EXERCISE INSTRUCTIONS ->
Output each of the entries exactly, skipping every picture they contain.

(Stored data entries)
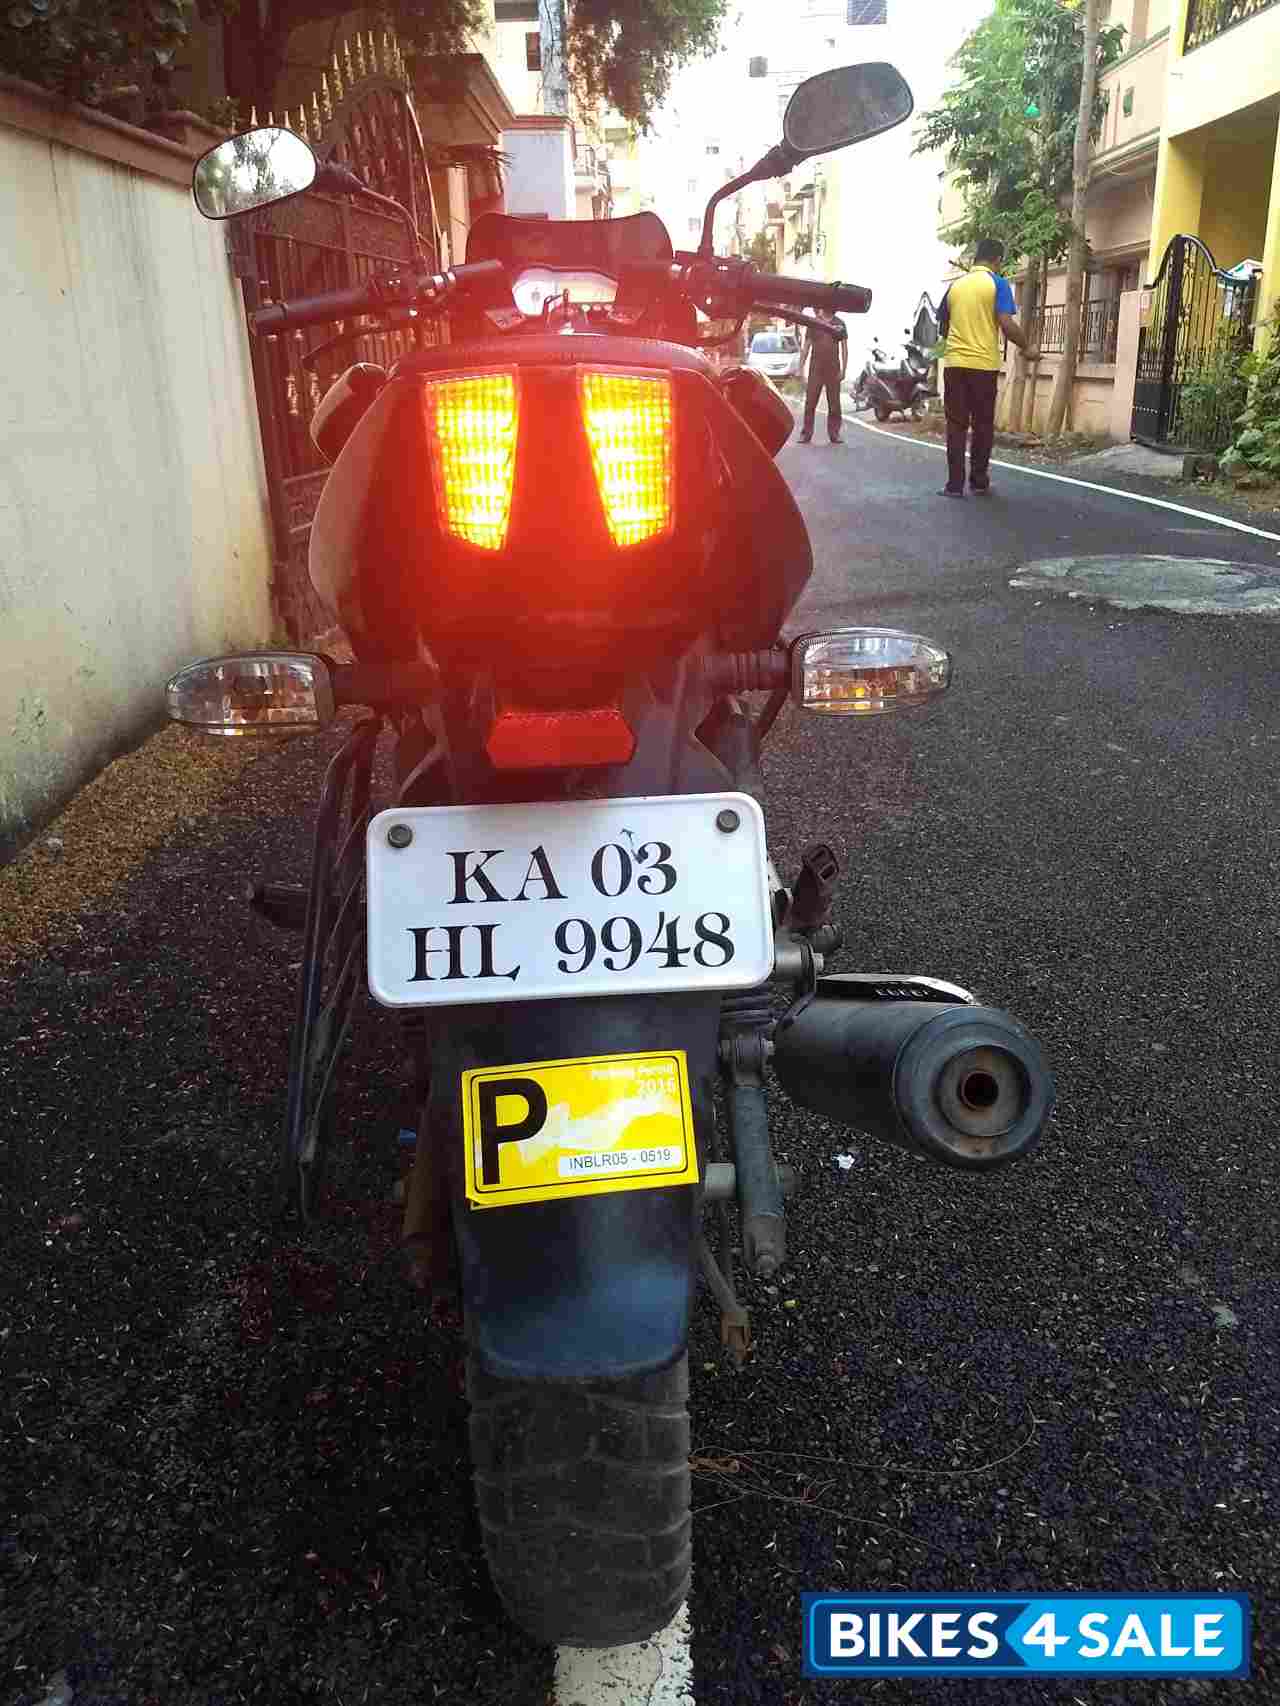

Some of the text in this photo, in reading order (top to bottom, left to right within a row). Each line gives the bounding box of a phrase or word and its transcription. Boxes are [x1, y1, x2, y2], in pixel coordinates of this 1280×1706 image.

[446, 841, 677, 904] KA 03
[407, 911, 735, 982] HL 9948
[478, 1078, 547, 1184] P
[568, 1154, 629, 1169] INBLR05

WRITTEN SOLUTION ->
Some of the text in this photo, in reading order (top to bottom, left to right within a row). Each line gives the bounding box of a phrase or word and its transcription. Boxes are [x1, y1, x2, y2], in pixel coordinates of this 1280×1706 image.

[446, 841, 677, 904] KA 03
[407, 911, 735, 982] HL 9948
[478, 1078, 547, 1184] P
[568, 1154, 629, 1169] INBLR05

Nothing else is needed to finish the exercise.